Saved data entries

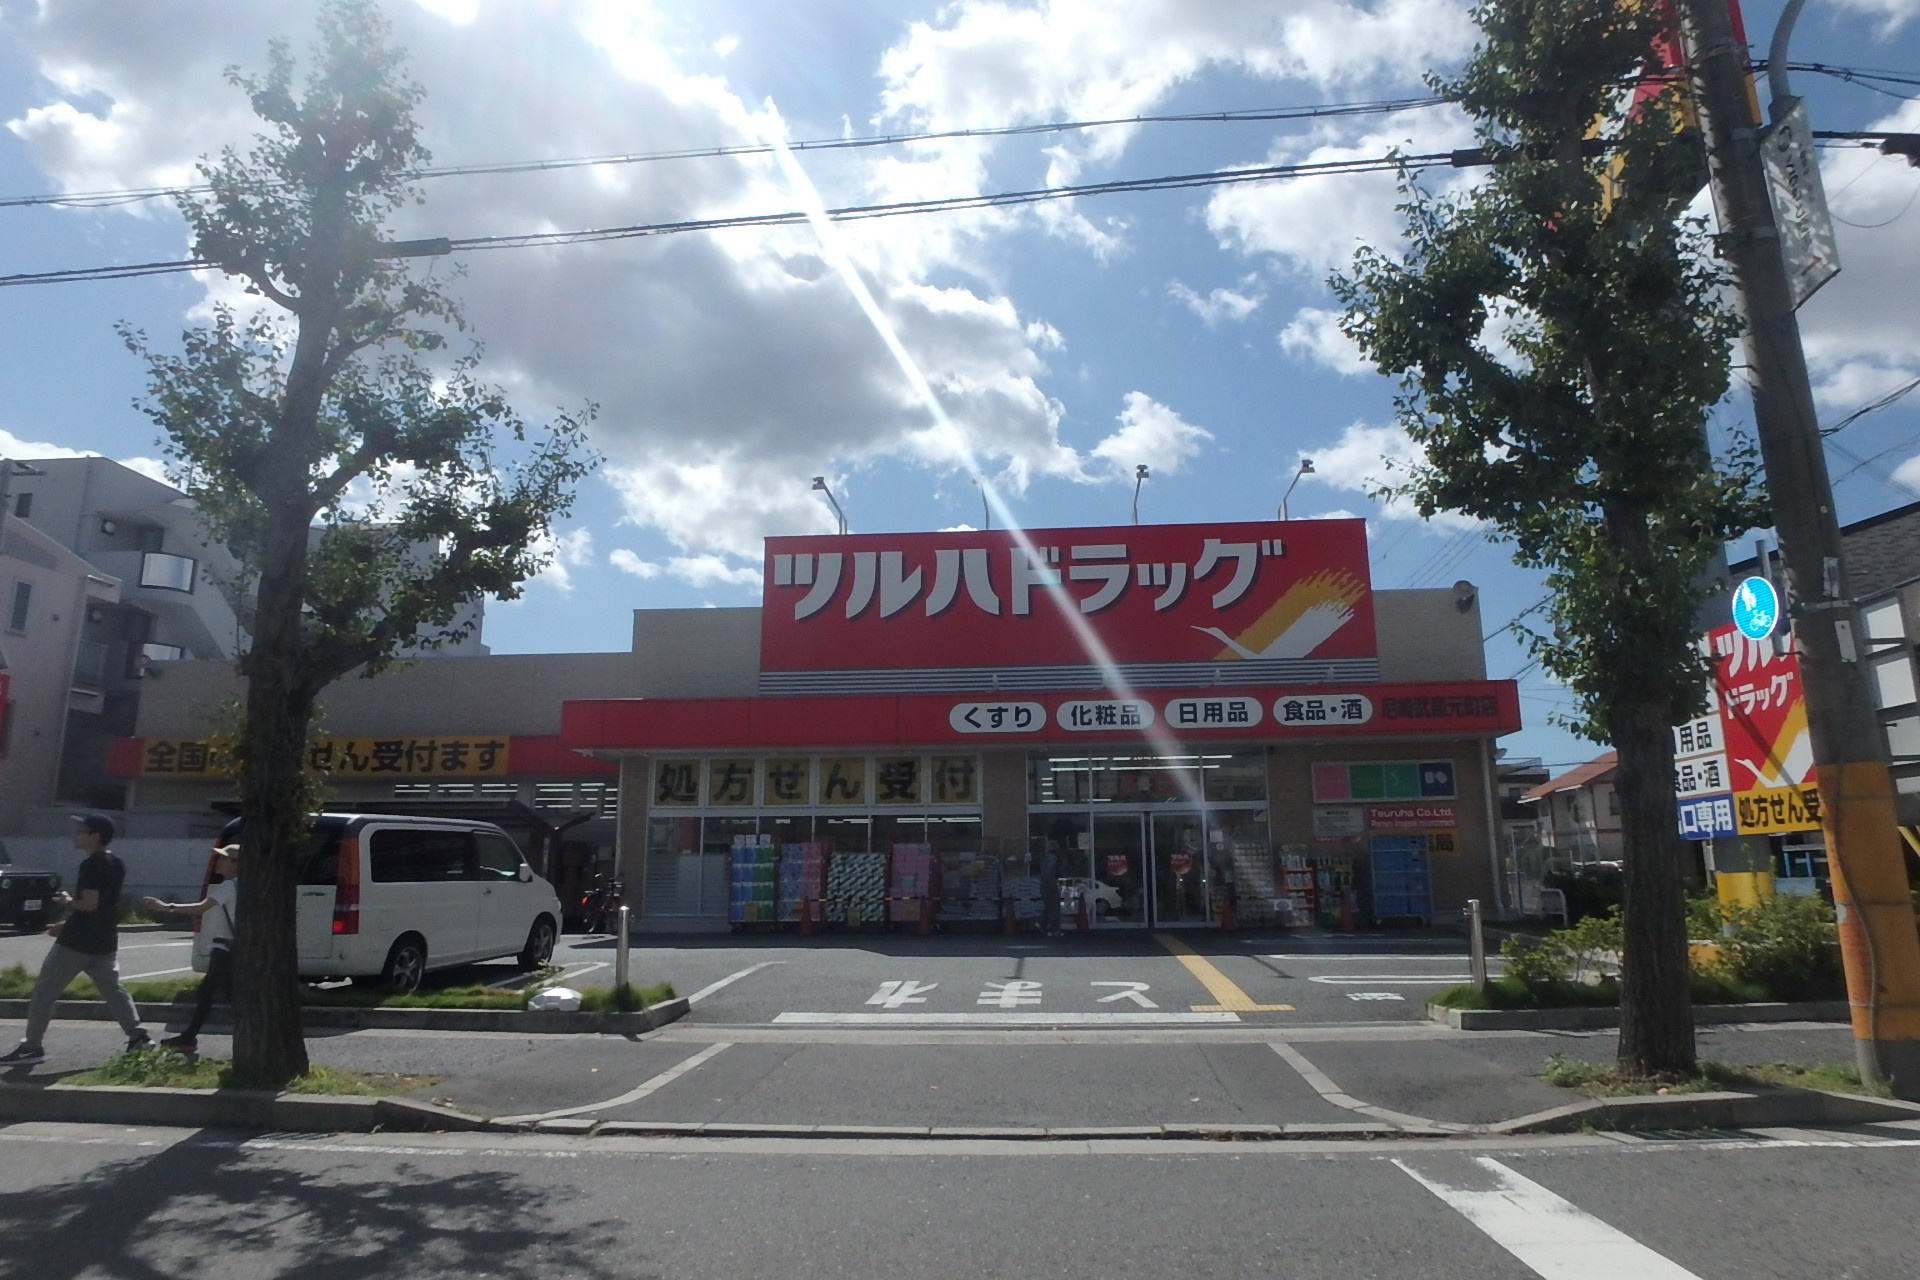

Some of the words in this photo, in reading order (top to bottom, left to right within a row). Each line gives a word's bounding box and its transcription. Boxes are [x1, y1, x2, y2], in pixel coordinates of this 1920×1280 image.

[773, 538, 1283, 621] ツルハドラッグ
[1283, 698, 1363, 722] 食品・酒
[1725, 671, 1794, 720] ドラッグ
[964, 706, 1031, 729] くすり
[1071, 704, 1141, 727] 化粧品
[1178, 701, 1249, 724] 日用品
[658, 760, 975, 801] 処方せん受付
[1678, 799, 1733, 835] 口専用

WHAT YOU WILL DO
In this exercise, set down all of the data exactly, without the pictures.

SOLUTION TO THIS EXERCISE
Some of the words in this photo, in reading order (top to bottom, left to right within a row). Each line gives a word's bounding box and its transcription. Boxes are [x1, y1, x2, y2], in pixel coordinates of this 1920×1280 image.

[773, 538, 1283, 621] ツルハドラッグ
[1283, 698, 1363, 722] 食品・酒
[1725, 671, 1794, 720] ドラッグ
[964, 706, 1031, 729] くすり
[1071, 704, 1141, 727] 化粧品
[1178, 701, 1249, 724] 日用品
[658, 760, 975, 801] 処方せん受付
[1678, 799, 1733, 835] 口専用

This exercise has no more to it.